Referring expression grounding data -
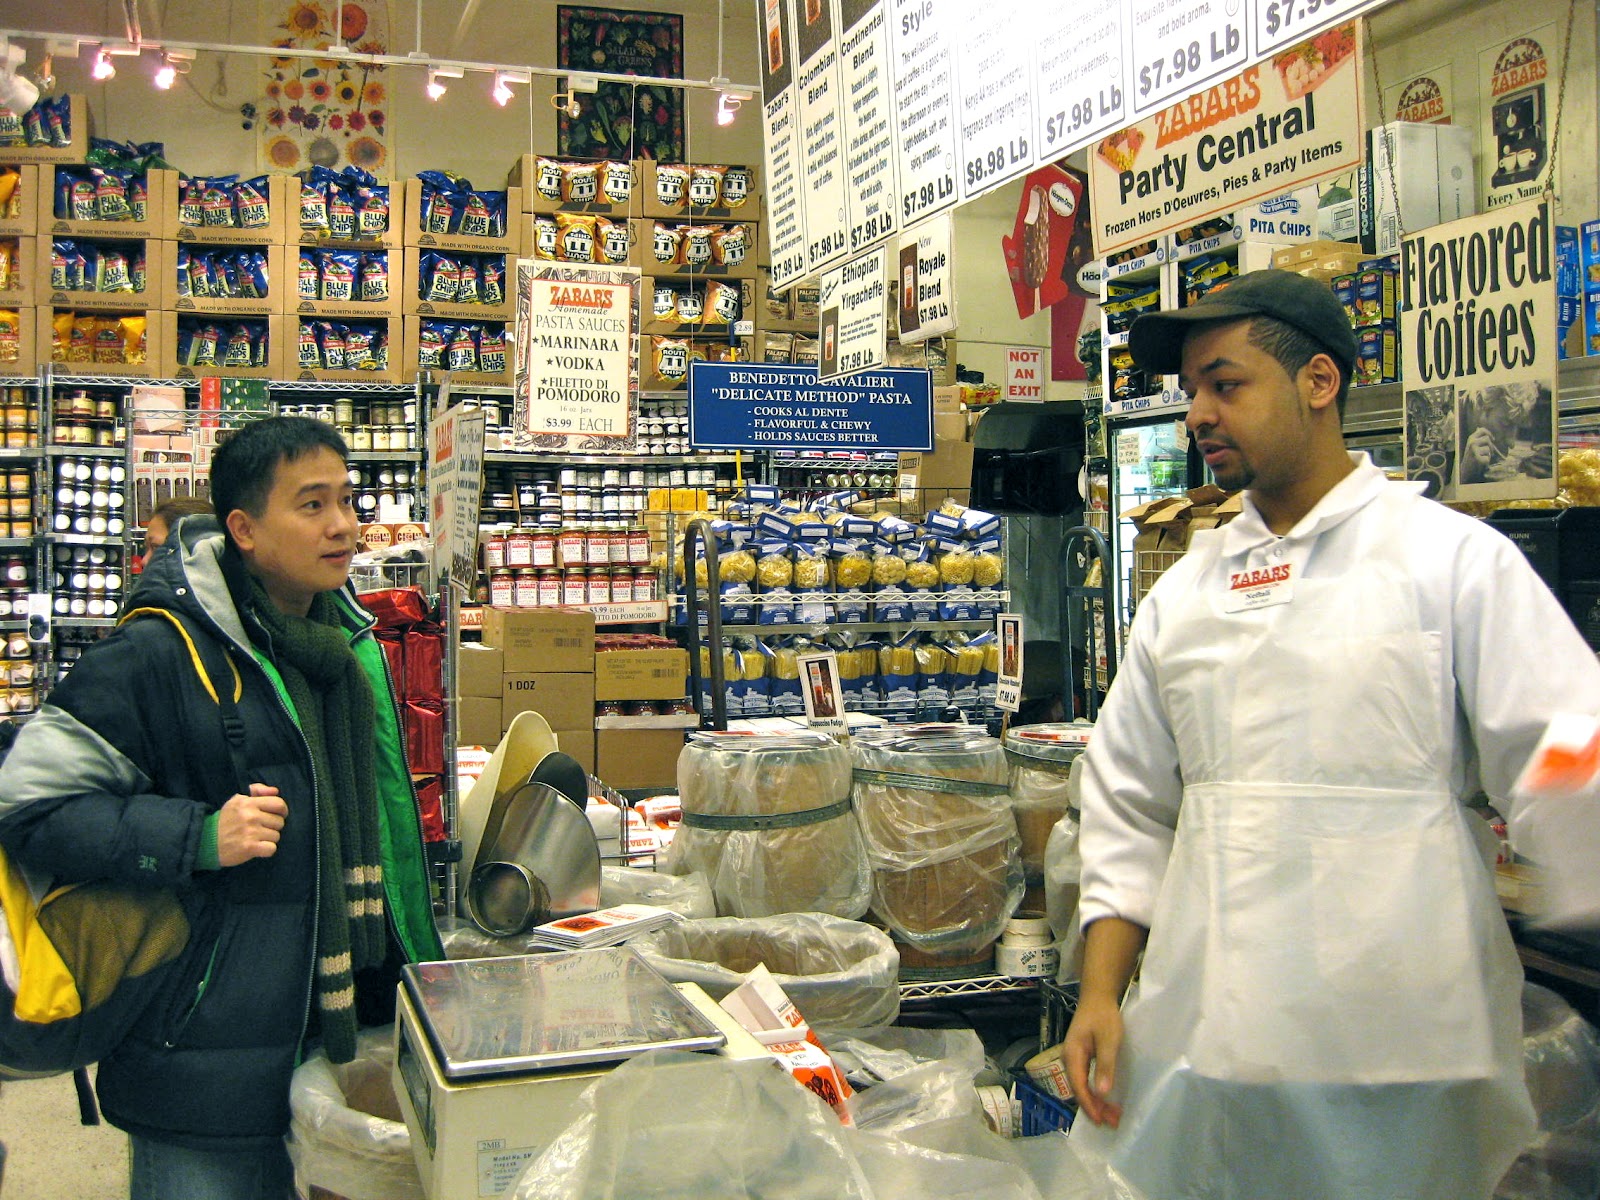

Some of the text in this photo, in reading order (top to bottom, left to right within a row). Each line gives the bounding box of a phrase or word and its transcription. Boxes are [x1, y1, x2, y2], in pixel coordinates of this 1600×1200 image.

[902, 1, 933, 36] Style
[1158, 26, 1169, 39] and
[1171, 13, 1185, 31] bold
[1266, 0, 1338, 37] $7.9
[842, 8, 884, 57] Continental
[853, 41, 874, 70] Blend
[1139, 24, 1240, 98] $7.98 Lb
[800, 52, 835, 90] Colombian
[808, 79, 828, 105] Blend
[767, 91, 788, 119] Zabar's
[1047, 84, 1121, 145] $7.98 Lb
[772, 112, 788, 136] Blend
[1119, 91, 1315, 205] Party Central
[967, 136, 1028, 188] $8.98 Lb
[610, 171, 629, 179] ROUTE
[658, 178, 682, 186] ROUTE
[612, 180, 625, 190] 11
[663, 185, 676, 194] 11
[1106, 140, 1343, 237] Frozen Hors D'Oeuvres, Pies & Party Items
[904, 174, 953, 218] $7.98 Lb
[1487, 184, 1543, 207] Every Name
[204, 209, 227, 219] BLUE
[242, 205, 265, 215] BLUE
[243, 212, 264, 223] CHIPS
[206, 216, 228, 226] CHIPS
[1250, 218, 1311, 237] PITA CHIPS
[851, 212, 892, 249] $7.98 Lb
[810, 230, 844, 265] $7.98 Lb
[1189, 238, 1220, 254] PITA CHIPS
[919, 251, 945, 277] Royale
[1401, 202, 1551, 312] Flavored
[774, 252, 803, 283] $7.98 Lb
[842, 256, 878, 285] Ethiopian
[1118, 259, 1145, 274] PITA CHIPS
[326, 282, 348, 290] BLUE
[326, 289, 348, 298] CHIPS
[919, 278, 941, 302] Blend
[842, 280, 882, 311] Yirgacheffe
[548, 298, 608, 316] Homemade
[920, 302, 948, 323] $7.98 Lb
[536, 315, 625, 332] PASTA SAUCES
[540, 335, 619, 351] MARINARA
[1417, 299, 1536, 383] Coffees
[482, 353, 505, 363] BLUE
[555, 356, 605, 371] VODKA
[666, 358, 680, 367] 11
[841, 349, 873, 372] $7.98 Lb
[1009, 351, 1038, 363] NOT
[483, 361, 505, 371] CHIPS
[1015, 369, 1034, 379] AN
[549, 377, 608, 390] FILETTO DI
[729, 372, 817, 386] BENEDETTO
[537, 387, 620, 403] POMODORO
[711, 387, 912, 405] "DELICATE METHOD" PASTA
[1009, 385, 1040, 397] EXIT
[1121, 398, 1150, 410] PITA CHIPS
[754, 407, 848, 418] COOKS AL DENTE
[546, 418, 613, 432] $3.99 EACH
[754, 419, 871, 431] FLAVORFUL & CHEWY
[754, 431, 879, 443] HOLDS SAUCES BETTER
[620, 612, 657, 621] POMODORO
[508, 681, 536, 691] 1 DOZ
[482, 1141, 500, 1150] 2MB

Task brief - The lines to return are those in the entries above that hold "SAUCES".

Written response -
[536, 315, 625, 332] PASTA SAUCES
[754, 431, 879, 443] HOLDS SAUCES BETTER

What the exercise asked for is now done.